▶ _DESCRIPTION OF THE TASK_: Each line from the one containing "this 1600×1067 image." through the last line of the records below is to be set down exactly; the rest stays out.

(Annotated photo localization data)
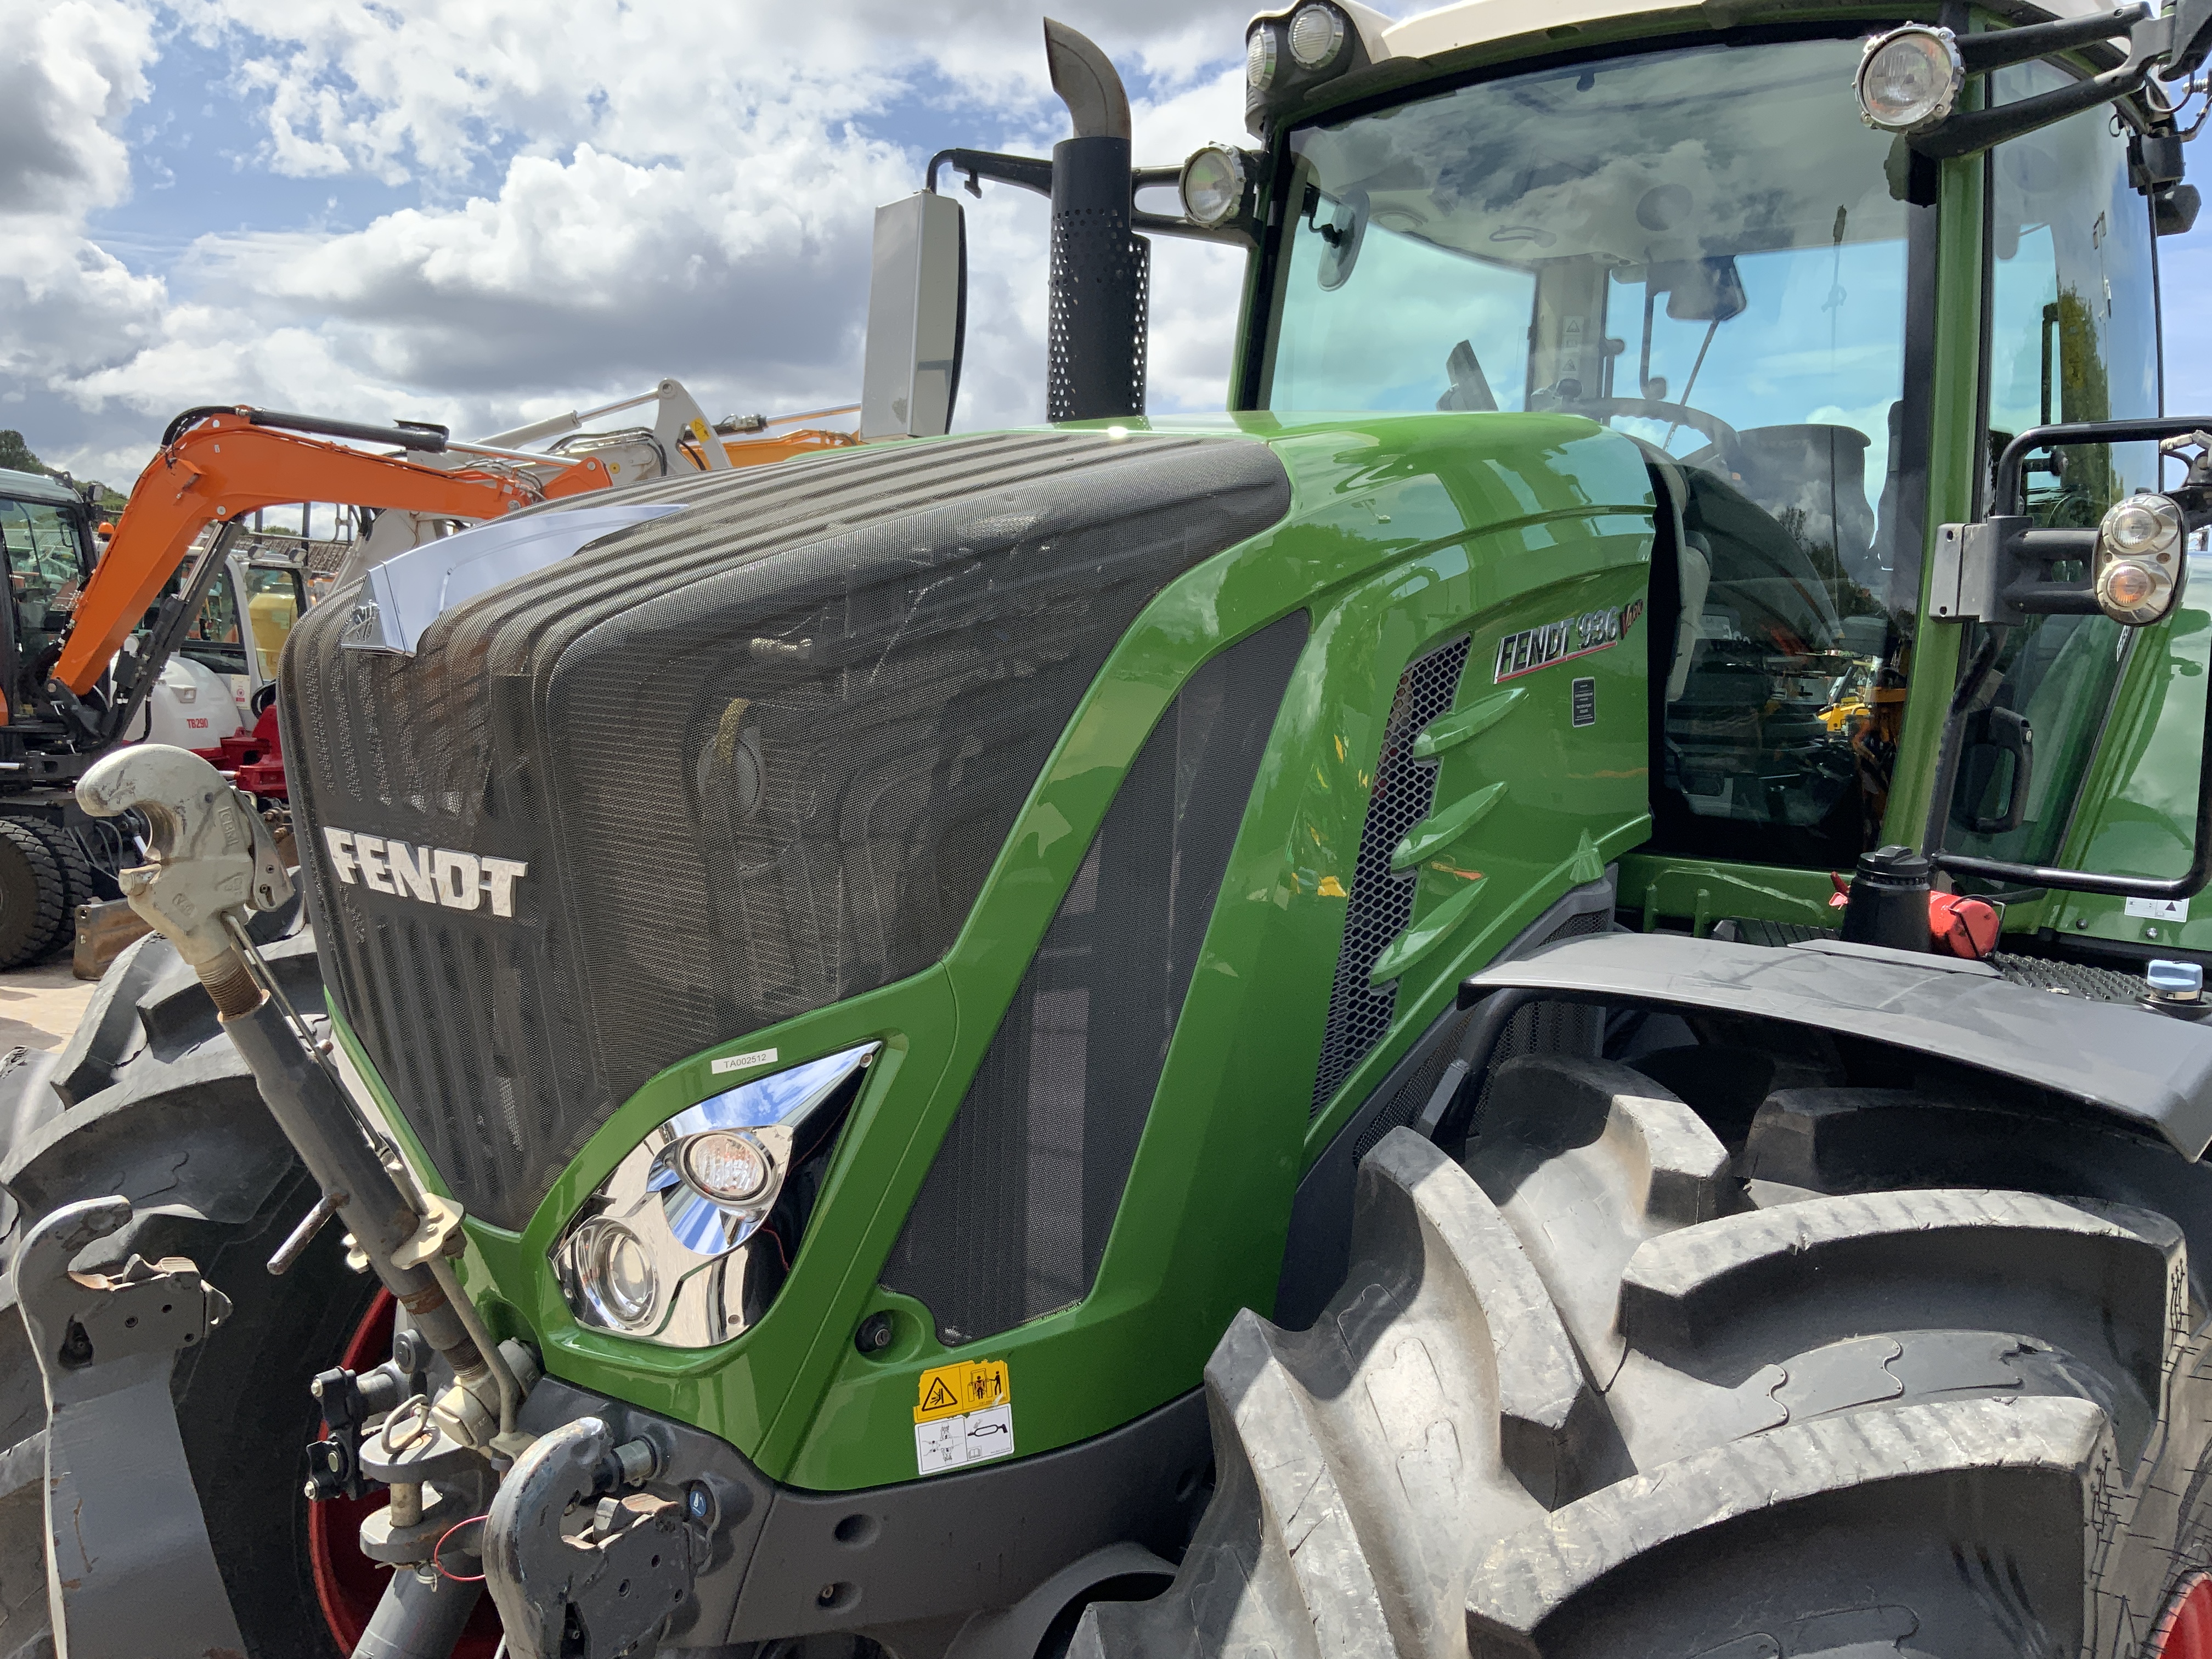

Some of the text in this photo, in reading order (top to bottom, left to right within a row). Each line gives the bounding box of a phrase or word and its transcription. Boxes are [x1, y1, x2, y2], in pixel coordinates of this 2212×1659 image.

[1493, 617, 1575, 684] FENDT
[1576, 606, 1619, 650] 936
[187, 718, 209, 729] TB290
[324, 826, 529, 918] FENDT
[724, 1053, 767, 1069] TA002512
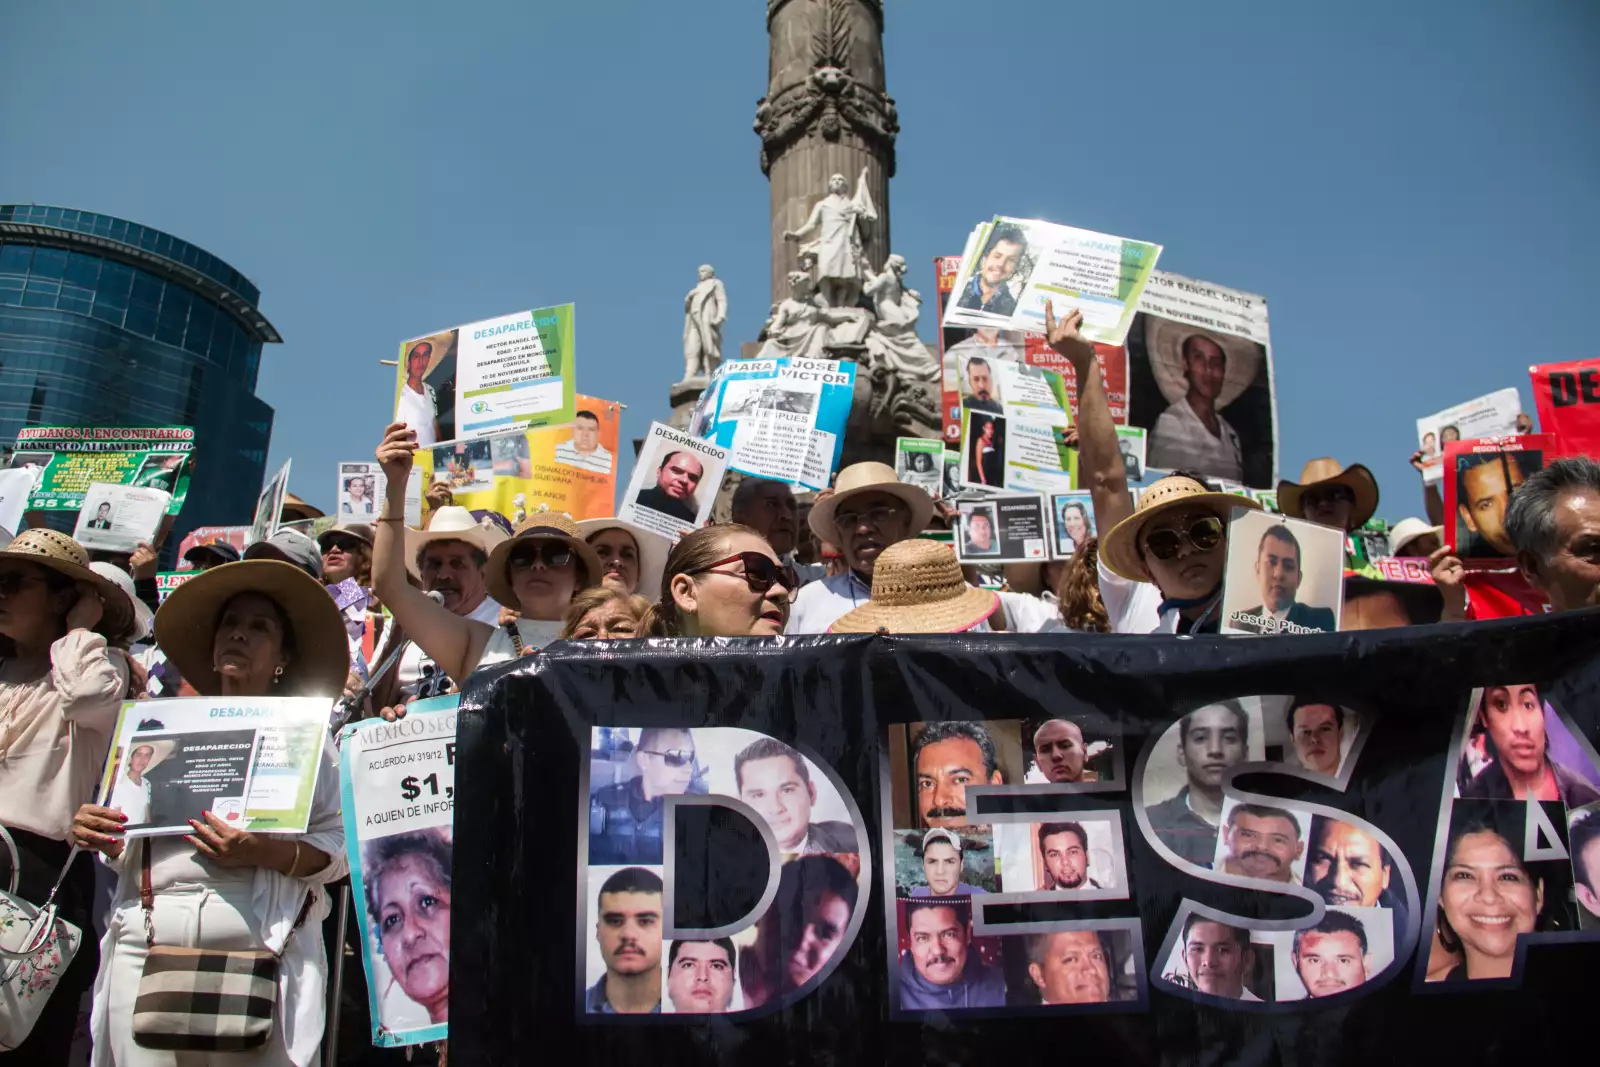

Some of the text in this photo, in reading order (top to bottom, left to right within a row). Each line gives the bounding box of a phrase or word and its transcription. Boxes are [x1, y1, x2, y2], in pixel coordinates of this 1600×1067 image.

[474, 315, 559, 340] DESAPARECIDO
[729, 362, 773, 371] PARA
[781, 368, 848, 384] VICTOR
[18, 428, 193, 440] AYUDANOS A ENCONTRARLO
[655, 427, 725, 460] DESAPARECIDO
[1231, 610, 1275, 628] Jesús
[183, 743, 251, 752] DESAPARECIDO
[369, 756, 407, 771] ACUERDO
[366, 815, 373, 827] A
[373, 809, 405, 825] QUIEN
[407, 805, 421, 817] DE

▶ _EXERCISE RESPONSE_:
Some of the text in this photo, in reading order (top to bottom, left to right within a row). Each line gives the bounding box of a phrase or word and its transcription. Boxes are [x1, y1, x2, y2], in pixel coordinates of this 1600×1067 image.

[474, 315, 559, 340] DESAPARECIDO
[729, 362, 773, 371] PARA
[781, 368, 848, 384] VICTOR
[18, 428, 193, 440] AYUDANOS A ENCONTRARLO
[655, 427, 725, 460] DESAPARECIDO
[1231, 610, 1275, 628] Jesús
[183, 743, 251, 752] DESAPARECIDO
[369, 756, 407, 771] ACUERDO
[366, 815, 373, 827] A
[373, 809, 405, 825] QUIEN
[407, 805, 421, 817] DE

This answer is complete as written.